=== Begin Enclosure ===

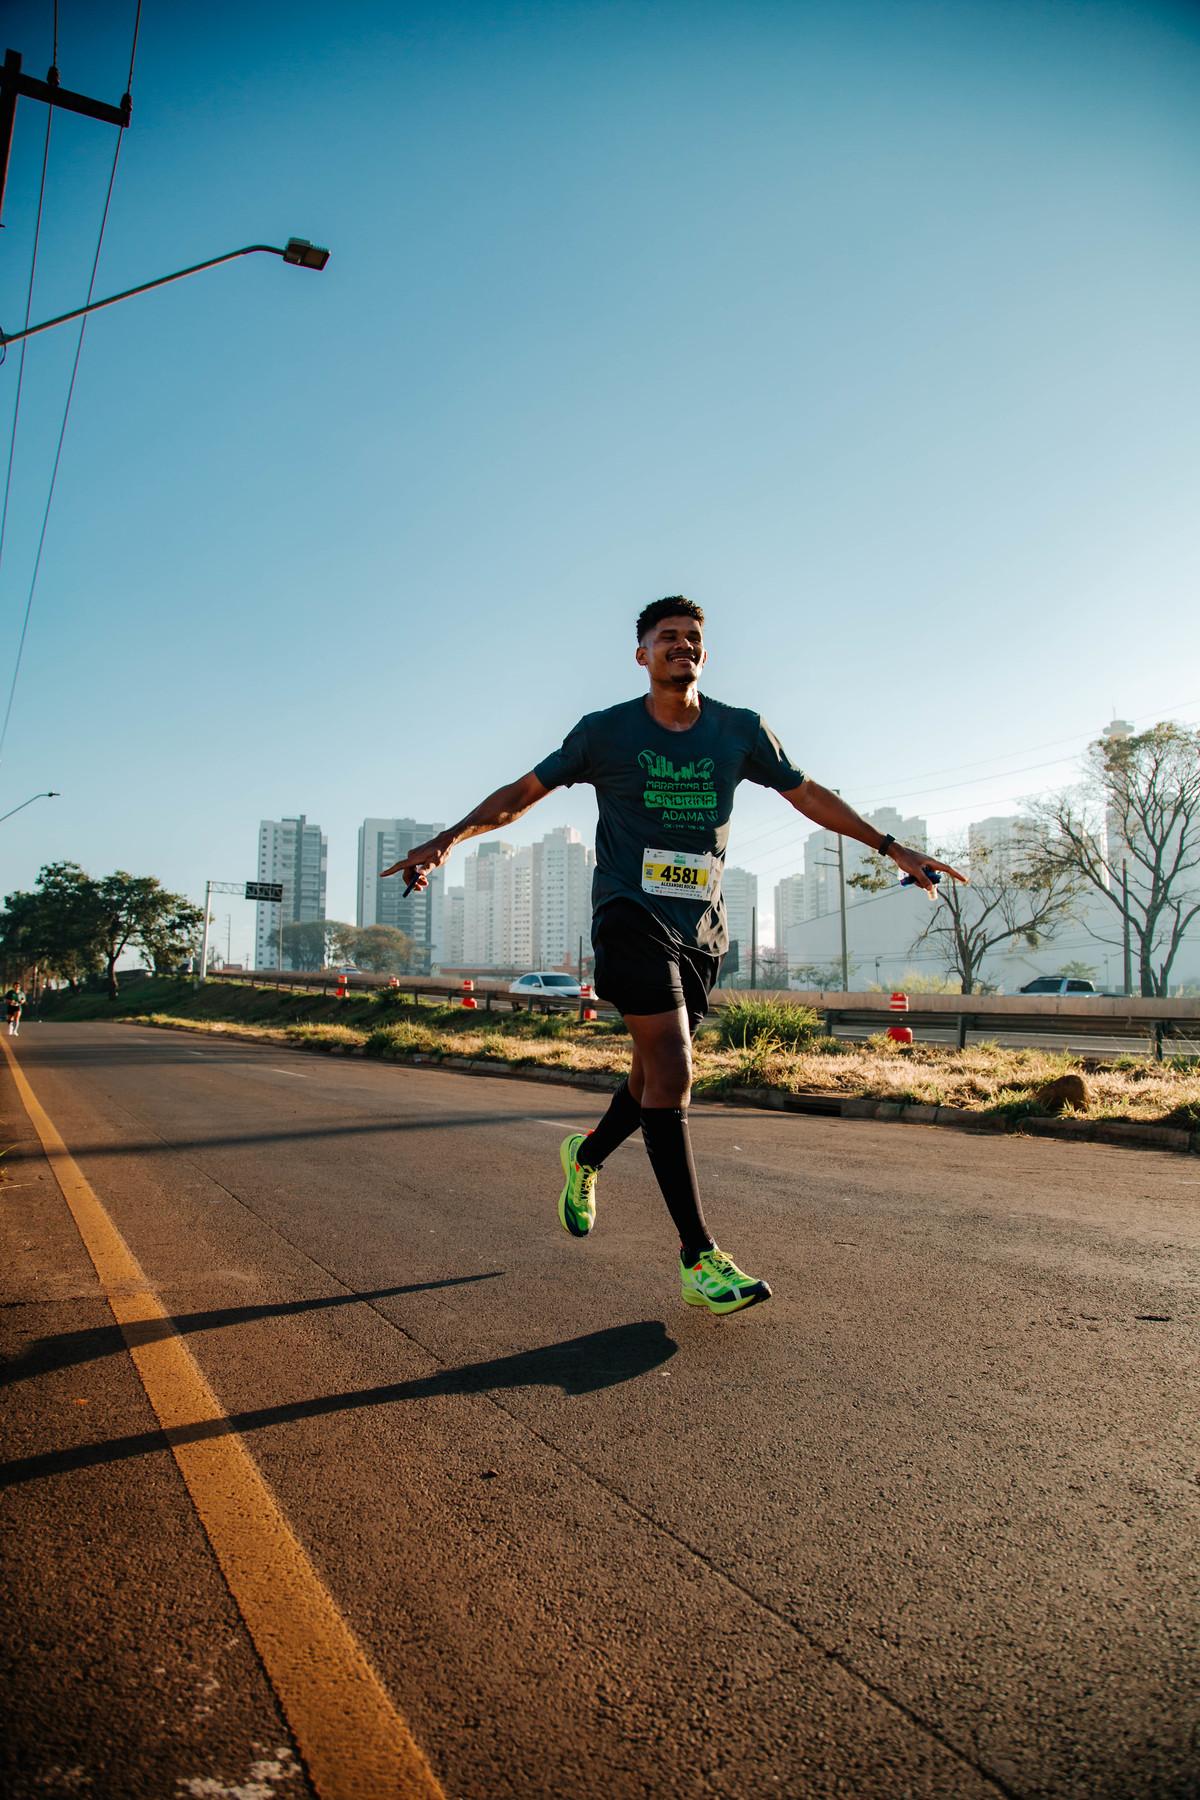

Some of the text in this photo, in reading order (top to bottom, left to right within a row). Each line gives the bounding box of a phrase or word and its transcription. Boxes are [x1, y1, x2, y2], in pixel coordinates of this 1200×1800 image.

[646, 780, 714, 791] MARATONA DE
[662, 810, 705, 822] ADAMA
[660, 865, 698, 885] 4581
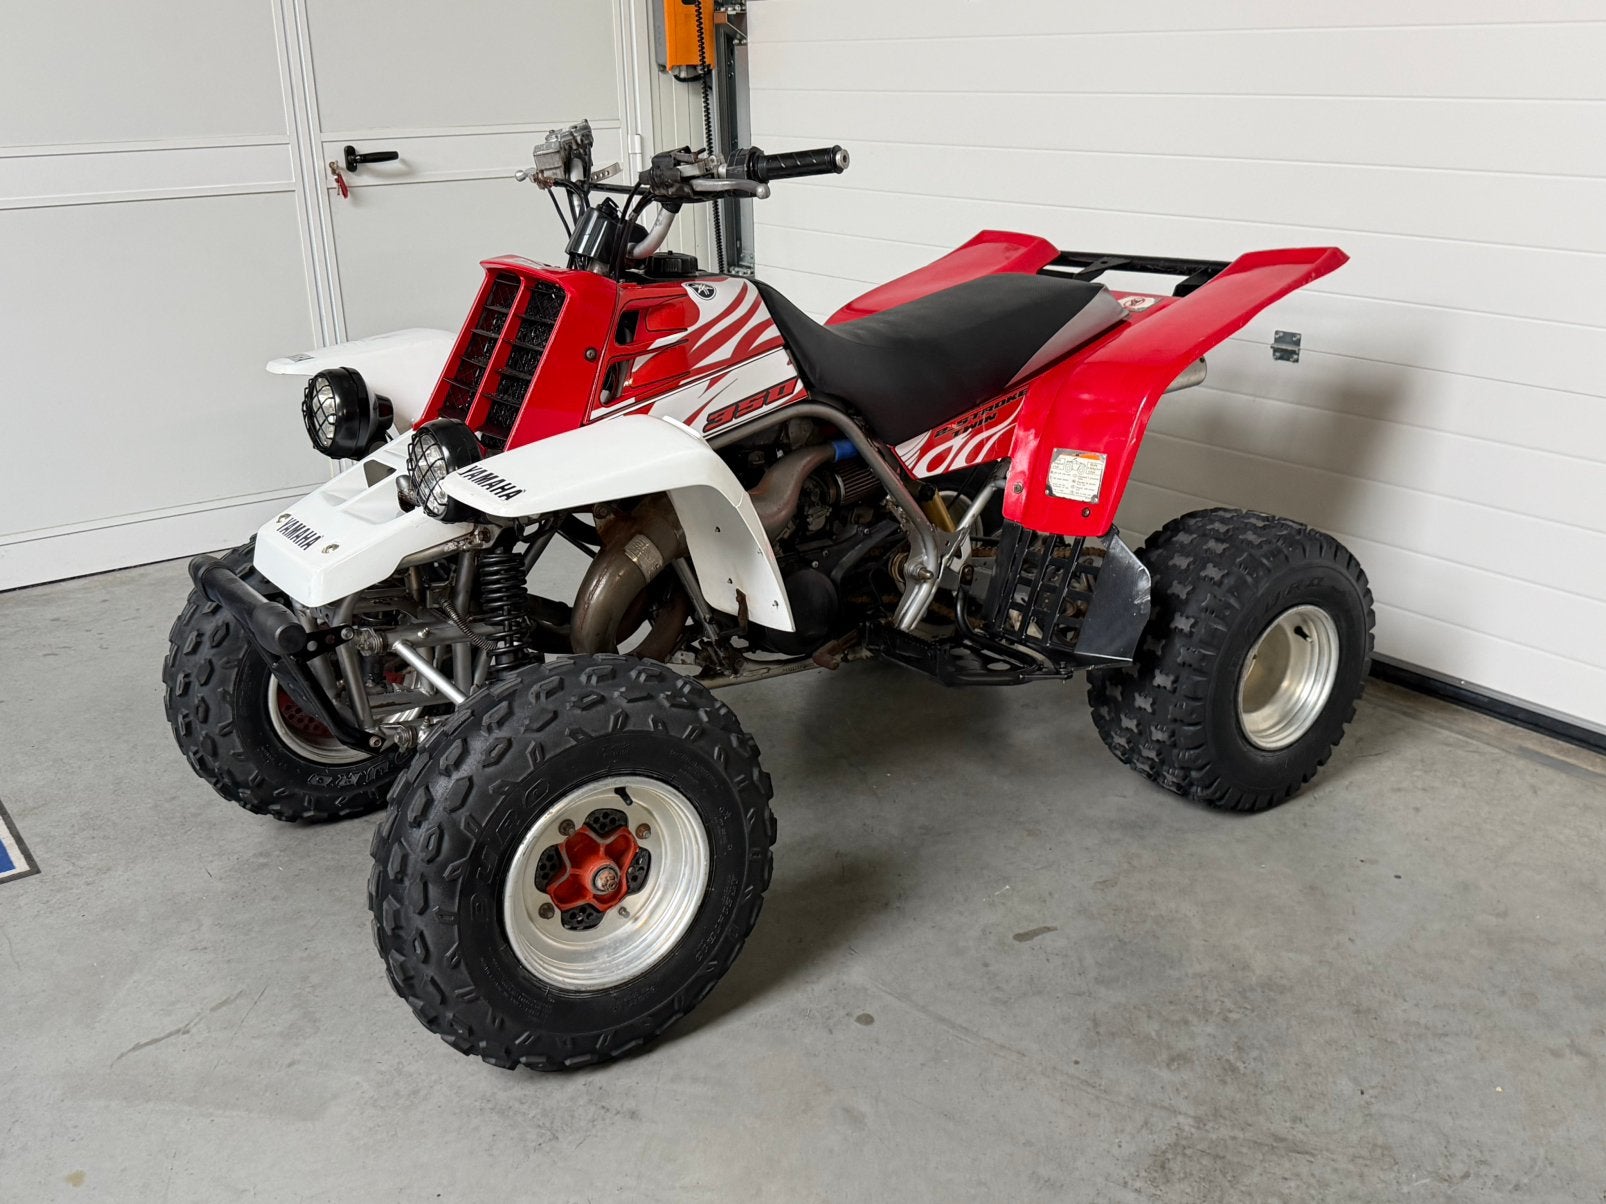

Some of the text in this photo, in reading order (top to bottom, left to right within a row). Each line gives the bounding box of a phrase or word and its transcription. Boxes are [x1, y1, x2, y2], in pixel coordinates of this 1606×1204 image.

[702, 375, 799, 433] 350
[953, 411, 998, 438] TWIN
[457, 465, 523, 501] YAMAHA
[276, 517, 322, 551] YAMAHA
[308, 759, 391, 787] URO
[470, 778, 550, 921] DURO
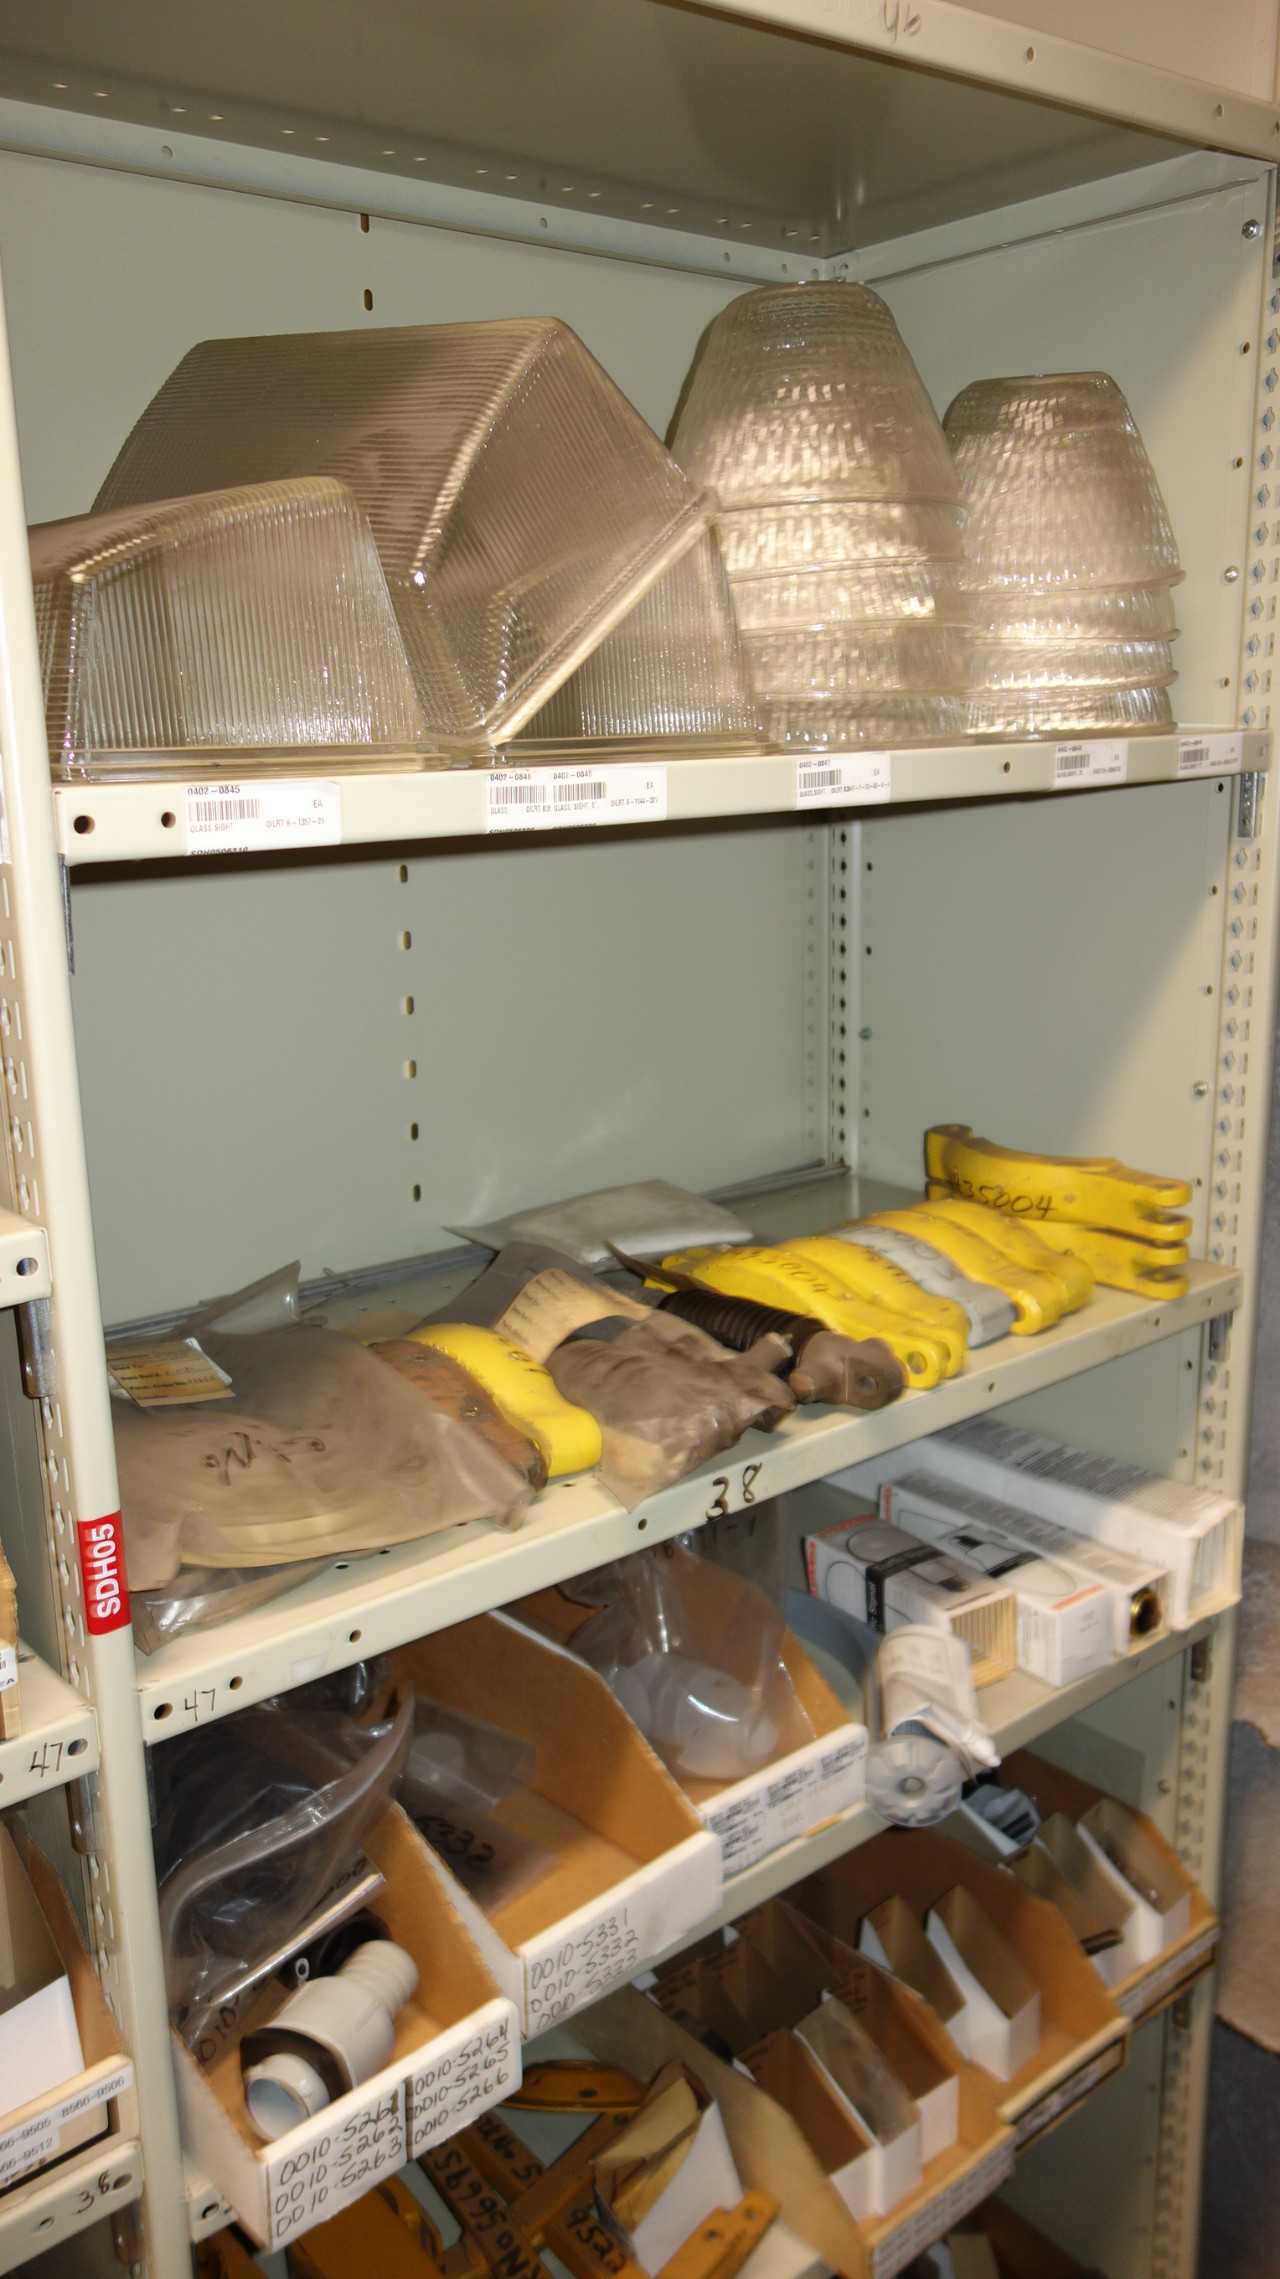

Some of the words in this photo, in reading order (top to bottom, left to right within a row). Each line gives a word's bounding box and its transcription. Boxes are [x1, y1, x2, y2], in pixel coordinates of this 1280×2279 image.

[705, 1463, 763, 1520] 38
[91, 1523, 121, 1618] SDH05
[184, 1687, 216, 1722] 47
[29, 1741, 64, 1778] 47
[73, 2169, 111, 2215] 38

=== End Enclosure ===

**Task statement**
What you give back must match the entries exactly, apart from the omitted pictures.

**Task result**
Some of the text in this photo, in reading order (top to bottom, left to right within a row). Each line gives the bounding box of a phrase or word and its transcription. Boxes are [x1, y1, x2, y2], in pixel coordinates of this 1200×1800 image.

[646, 780, 714, 791] MARATONA DE
[662, 810, 705, 822] ADAMA
[660, 865, 698, 885] 4581

Some of the text in this photo, in reading order (top to bottom, left to right within a row). Each line gives the bounding box of a phrase or word and its transcription. Boxes are [x1, y1, x2, y2], in pixel coordinates of this 1606×1204 image.

[702, 375, 799, 433] 350
[953, 411, 998, 438] TWIN
[457, 465, 523, 501] YAMAHA
[276, 517, 322, 551] YAMAHA
[308, 759, 391, 787] URO
[470, 778, 550, 921] DURO

Some of the words in this photo, in reading order (top to bottom, left to right within a row). Each line gives a word's bounding box and its transcription. Boxes are [x1, y1, x2, y2], in pixel coordinates of this 1280×2279 image.

[705, 1463, 763, 1520] 38
[91, 1523, 121, 1618] SDH05
[184, 1687, 216, 1722] 47
[29, 1741, 64, 1778] 47
[73, 2169, 111, 2215] 38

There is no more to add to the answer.